Lo curioso es que esta reacción resulta desproporcionada ante el hecho de que los panelistas no solo estuvieron muy lejos de asumir una actitud agresiva hacia los escritores y artistas que viven fuera de Cuba, más bien todo lo contrario, sino que tampoco dijeron nada nuevo ni hicieron propuestas políticas e ideológicas que impulsaran a algunos a sacar la bandera cubana del cajón del exilio y lanzarse a la calle.
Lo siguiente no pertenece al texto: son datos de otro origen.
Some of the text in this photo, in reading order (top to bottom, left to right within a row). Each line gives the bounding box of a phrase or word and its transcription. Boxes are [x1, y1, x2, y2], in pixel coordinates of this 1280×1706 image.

Tampoco quienes hablaron son figuras que despierten un odio particular. Los tres escritores que formaron el panel, Reynaldo González y Leonardo Padura como expositores y Senel Paz como moderador, nunca han sido lo que podría considerarse comisarios políticos, funcionarios culturales o perseguidores de intelectuales. No los consideraría intelectuales “orgánicos” —ni kosher ni adulterados—, sino escritores, y ya es bastante. Podría apuntarse que la realidad ha transitado la senda contraria. González especialmente fue una de las víctimas del mal llamado “quinquenio gris”. También hay que apuntan que no han sido críticos públicos del sistema, sino que simplemente han sobrevivido dentro de la Isla —entre diversas estancias en el extranjero en los últimos veinte años aproximadamente— en esa especie de nebulosa, indefinición o espera que caracteriza la vida de la mayoría de los que habitan en Cuba. Al mismo tiempo, ambos expositores han realizado una obra que con más o menos éxito, —mayor o menor valor artístico— llena un estante de cualquier biblioteca.
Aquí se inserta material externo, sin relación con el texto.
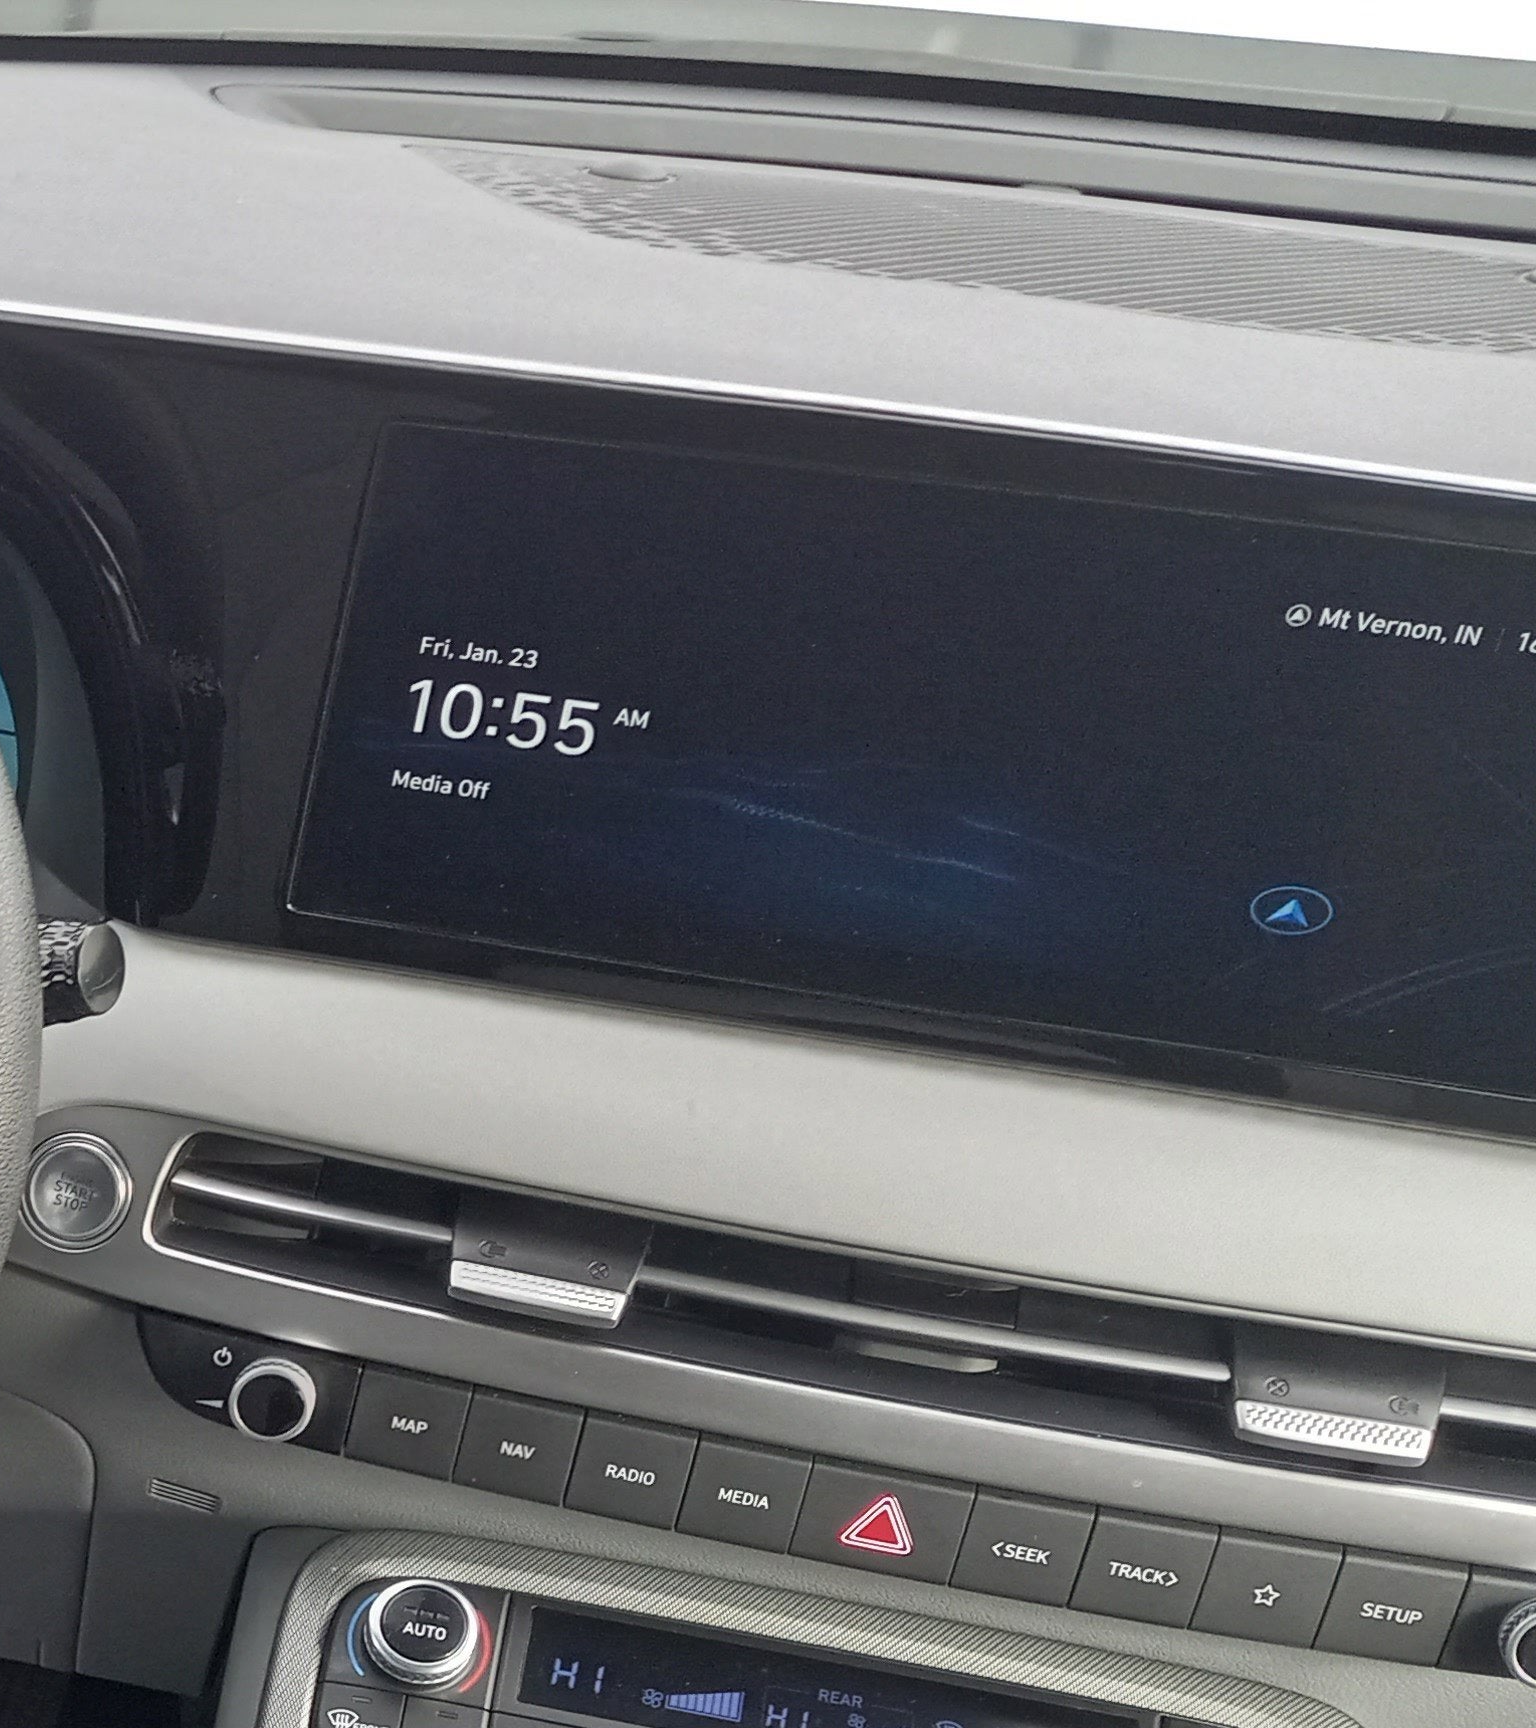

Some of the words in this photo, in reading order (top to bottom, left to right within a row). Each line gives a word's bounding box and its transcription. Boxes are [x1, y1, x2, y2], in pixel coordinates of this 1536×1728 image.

[1318, 607, 1352, 630] Mt
[1357, 611, 1448, 645] Vernon,
[1454, 624, 1484, 647] IN
[418, 636, 455, 660] Fri,
[459, 642, 504, 665] Jan.
[507, 648, 540, 669] 23
[409, 679, 601, 756] 10:55
[613, 707, 651, 729] AM
[391, 769, 453, 795] Media
[457, 778, 492, 800] Off
[52, 1193, 89, 1212] STOP
[53, 1180, 96, 1202] START
[391, 1415, 429, 1435] MAP
[499, 1440, 536, 1460] NAV
[604, 1463, 656, 1487] RADIO
[718, 1487, 770, 1510] MEDIA
[1360, 1602, 1423, 1625] SETUP
[402, 1621, 448, 1642] AUTO
[817, 1688, 864, 1708] REAR
Señalados estos datos elementales, no es raro que provoque asombro la irritación con que en el exilio algunos han reaccionado frente a los comentarios de los panelistas. Del ataque personal a la burla, prácticamente se ha lanzado una carga de caballería contra unas declaraciones por momentos bastante aburridas. Al final uno está tentado de darle la razón a los panelistas de la Isla, y concluir que hay talibanes en ambas costas, fanáticos en las dos orillas e intransigentes ―o la adopción de poses oportunas de intransigencia― regados no solo por Cuba sino por varios países. Al parecer, también Calibán ha marchado al exilio.
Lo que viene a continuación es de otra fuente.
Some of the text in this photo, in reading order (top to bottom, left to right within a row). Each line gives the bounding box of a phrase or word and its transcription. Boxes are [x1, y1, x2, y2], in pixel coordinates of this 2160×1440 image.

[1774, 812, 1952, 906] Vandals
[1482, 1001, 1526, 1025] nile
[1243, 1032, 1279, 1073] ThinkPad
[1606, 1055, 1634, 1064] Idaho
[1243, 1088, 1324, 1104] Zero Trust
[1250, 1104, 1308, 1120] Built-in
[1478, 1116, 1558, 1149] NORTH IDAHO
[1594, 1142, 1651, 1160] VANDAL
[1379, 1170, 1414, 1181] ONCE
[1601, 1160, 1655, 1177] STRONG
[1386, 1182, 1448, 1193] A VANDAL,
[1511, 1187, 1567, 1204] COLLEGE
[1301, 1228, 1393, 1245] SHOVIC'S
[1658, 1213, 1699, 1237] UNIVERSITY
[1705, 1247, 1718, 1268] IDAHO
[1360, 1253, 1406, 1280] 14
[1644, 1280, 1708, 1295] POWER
Sin embargo, no vale entrar en pugnas o comadreos ―como quiera mirarse― y tratar de avanzar un poco más allá de quien lo dice y cómo lo dice. El panel celebrado en la sede de la UNEAC no solo se caracterizó por balbuceos, premisas forzadas e intentos de justificación. También hubo palabras firmes ―en especial por parte de Padura, quien afirmó que resulta “inadmisible desde todo punto de vista” invalidar el vínculo o excluir por razones política a los escritores radicados fuera de la Isla―, se hicieron preguntas fuertes y por lo que se ha visto en video reinó un ambiente de inclusión y no de exclusión. Es verdad que no fue el conversatorio que uno ―desde la comodidad del exilio― preferiría ver y escuchar. Esa es nuestra razón como exiliados, pero no la única. Más allá de las diferencias naturales y ficticias ―que, por otra parte, siempre acompañan a cualquier reunión de escritores―, no hay motivos para entrarle “a cañonazos” a la sala. Por supuesto que cada cual tiene sus motivos, y la mayoría con válidos, pero ni Padura, ni González ni Paz fueron jueces, carceleros o guardias. Así que resulta mejor guardar los reproches para otros.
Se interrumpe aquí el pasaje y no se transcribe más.